I’m in a delightfully modern two-story suite outside New Plymouth tonight, and the king-sized bed waiting for me upstairs is almost a foreign concept at this point. It has been ages since I’ve slept on anything larger than a twin, and not having my feet hang off the mattress edge will be a welcome luxury.
I most recently dallied in Wellington after saying goodbye to the south island and ferrying back over Cook Straight. My last couple nights have been spent in a room shared with five other travelers, some of whom hailed from countries that shun deodorant. Despite its 300 busy beds, the YHA Wellington hostel was surprisingly efficient and clean, and I certainly can’t blame the establishment for the hygiene of my roommates. Within hours of checking in I found myself drinking a couple English blokes and a pair of Welsh girls under the table, and I won a complimentary Guinness t-shirt for my efforts.

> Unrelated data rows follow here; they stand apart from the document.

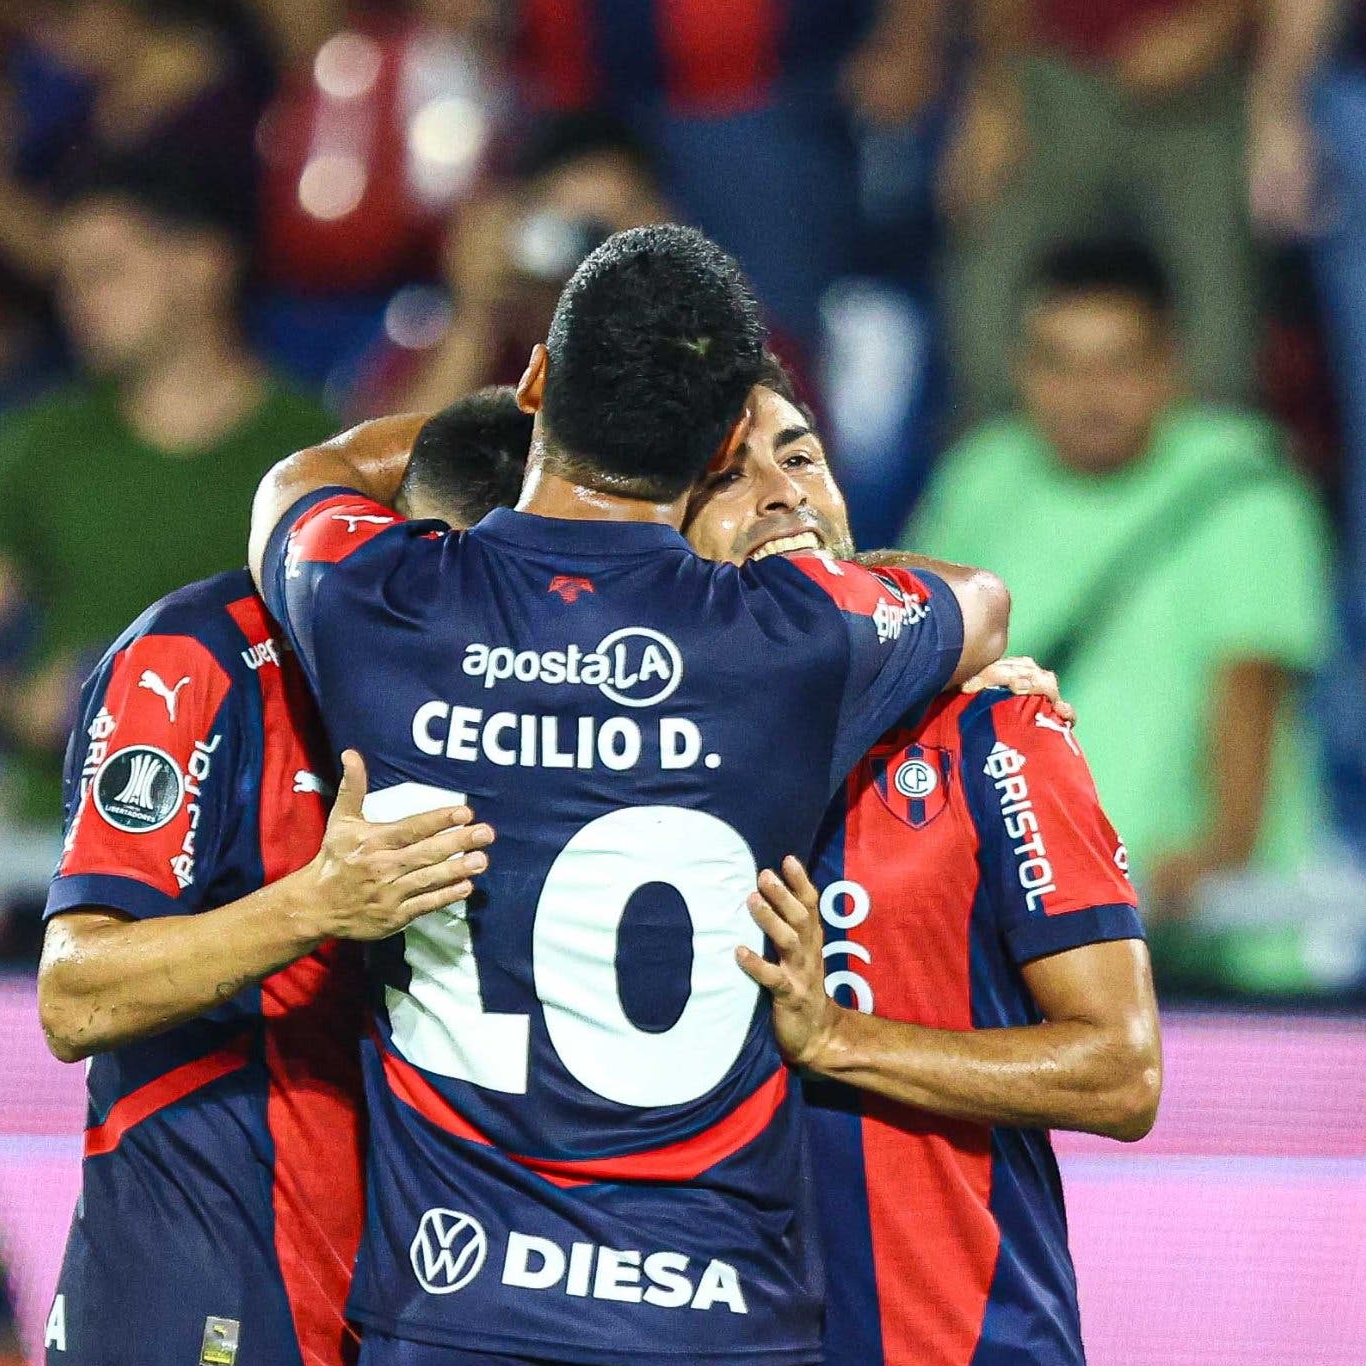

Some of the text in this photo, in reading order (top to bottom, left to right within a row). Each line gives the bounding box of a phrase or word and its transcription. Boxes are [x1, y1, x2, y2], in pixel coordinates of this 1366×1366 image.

[412, 701, 722, 771] CECILIO D.
[983, 742, 1057, 912] BRISTOL
[363, 782, 765, 1108] 10
[501, 1231, 749, 1315] DIESA
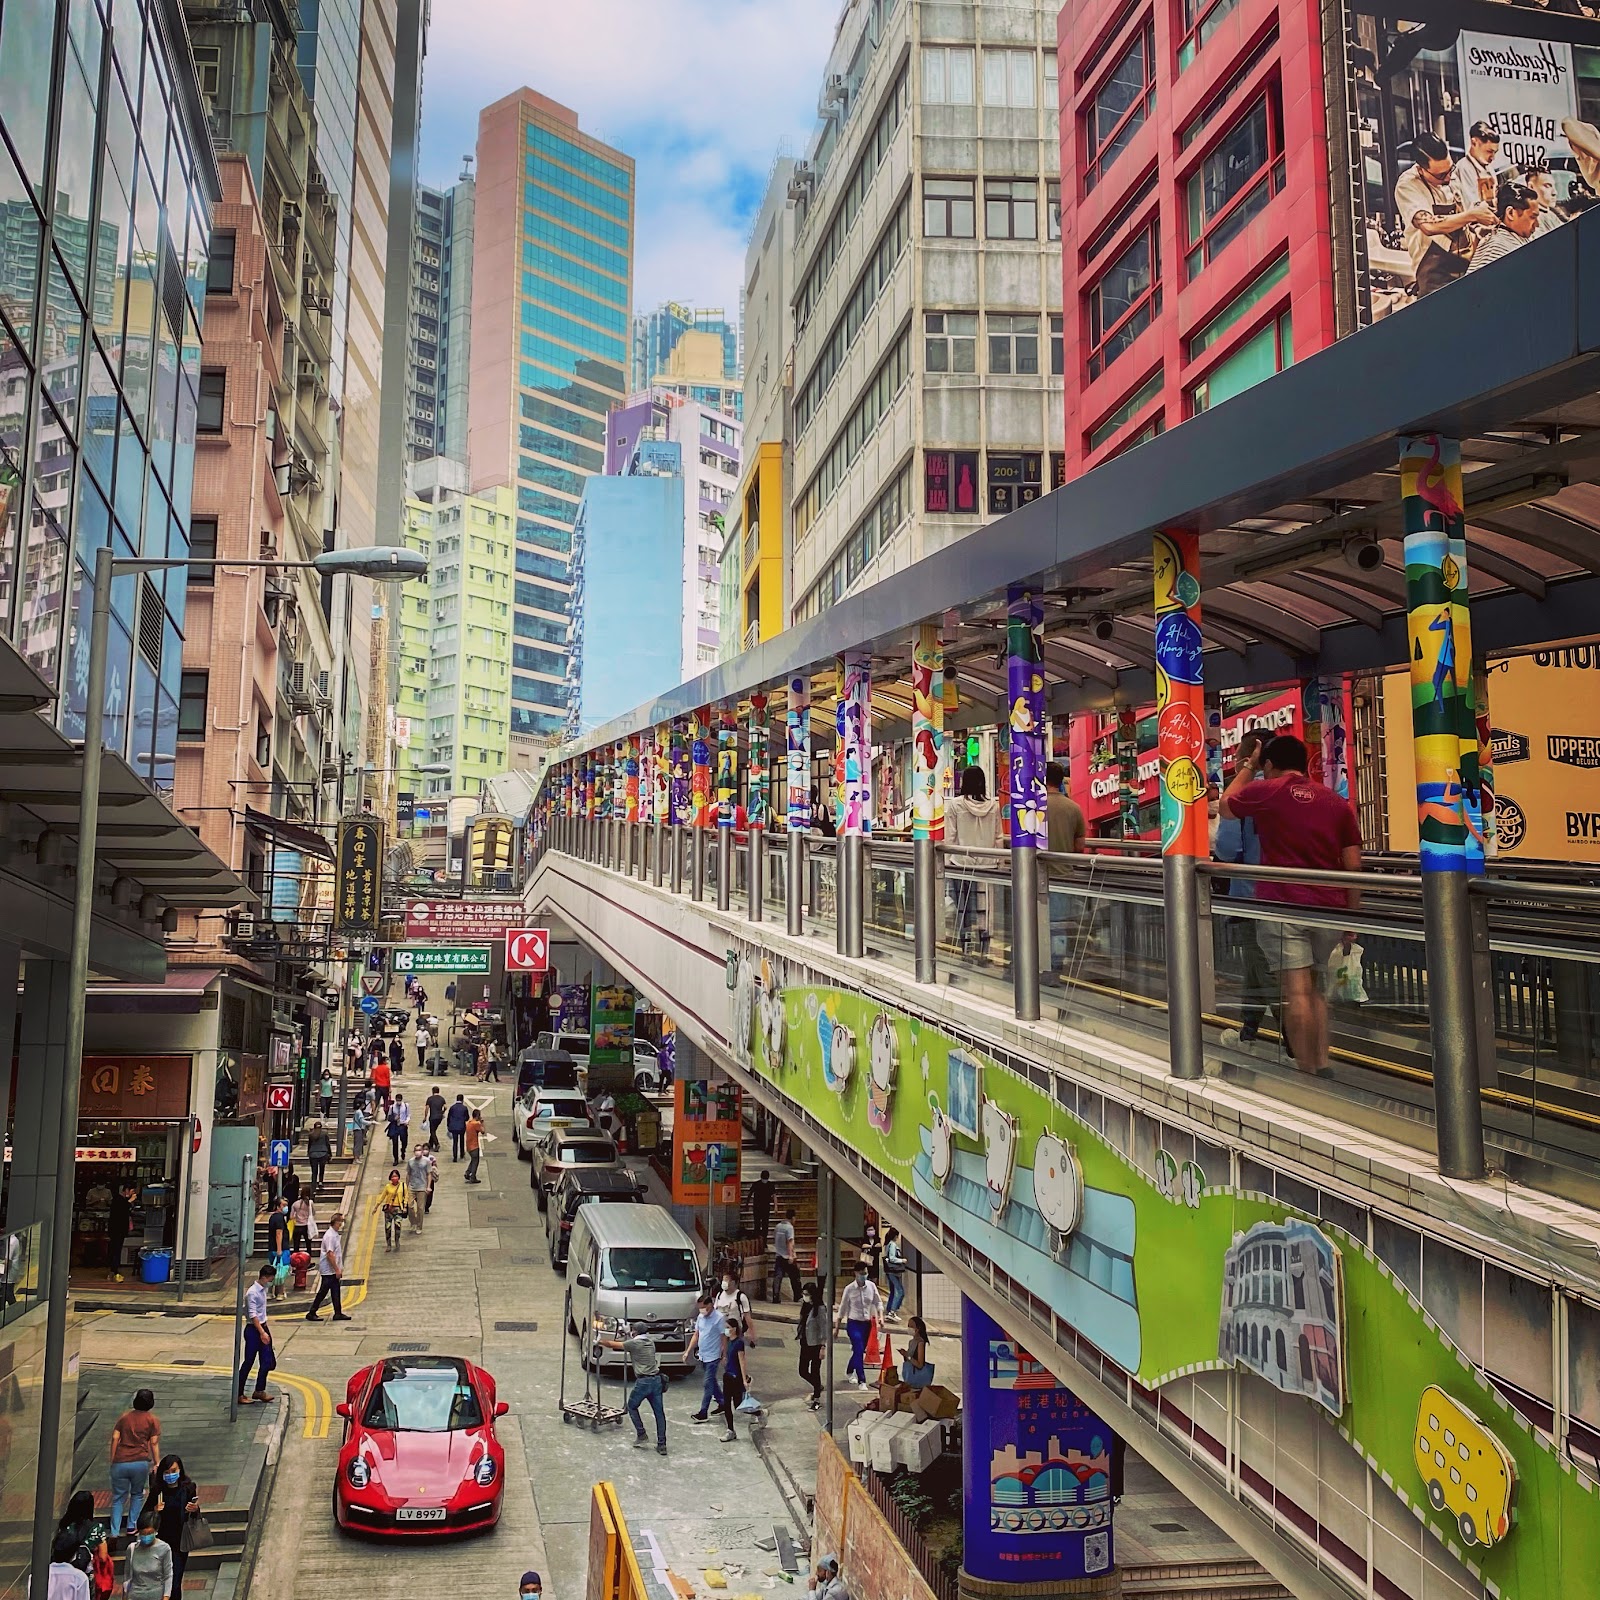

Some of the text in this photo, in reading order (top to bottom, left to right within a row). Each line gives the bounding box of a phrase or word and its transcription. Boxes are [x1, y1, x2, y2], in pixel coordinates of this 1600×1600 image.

[994, 467, 1019, 477] 200+
[353, 826, 367, 868] 春回堂
[399, 1509, 443, 1519] LV 8997

The next day’s wind gusts were strong enough to cause me and my fellow pedestrians to lurch about unpredictably as we walked—the “Windy Welly” moniker is well-deserved.

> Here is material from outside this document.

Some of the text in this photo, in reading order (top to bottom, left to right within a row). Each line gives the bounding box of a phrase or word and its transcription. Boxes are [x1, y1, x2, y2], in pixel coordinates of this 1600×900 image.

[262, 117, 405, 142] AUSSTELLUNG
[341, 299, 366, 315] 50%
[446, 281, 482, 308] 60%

After speeding too quickly through the books I hauled across the Pacific, and being too thrifty to restock with overpriced fluff (outrageously, trade paperbacks are NZ$20-30 and every second-hand bookstore I sought out was picked clean of all but usual Danielle Steele garbage), I decided to purchase a couple meatier novels that could give me more bang for the buck. In other words, I bought discounted classics with an eye towards maximizing reading hours per dollar spent. I ended up with 1400 pages of Tolstoy and Dostoyevsky (for NZ$25), and holy shit I can’t wait to wallow in some gratuitous laser-titty sex alien holodeck DNA-splicing spaceship moon-jewels crypto-jizz while my poor neurons work to forget that 19th century Russia ever existed.
Briefly, some other highlights that have transpired since I last posted: turned 25 in Invercargill, NZ’s southern-most city; bungy jumped from the Karawau Bridge 143 feet into the brilliant, turquoise river below; visited two glaciers in as many days; woke up and watched thirty-odd dolphins playfully cruise up the coast across the street from the night’s modest lodgings in Kaikoura; and ate for dinner a wild pig which had been shot in the expansive, grassy valley behind our motel in Blenheim.
Now to succumb to sleep while the river below fills my head with soothing white noise. Six days ’til Thailand. Six days ’til 50 cent beers, exquisite $4 meals, depraved ping pong shows, malaria medication, unbelievable waterfalls, even dirtier eurotrash backpackers, and drinking buddies who can sympathize with my unspeakably strong burrito cravings.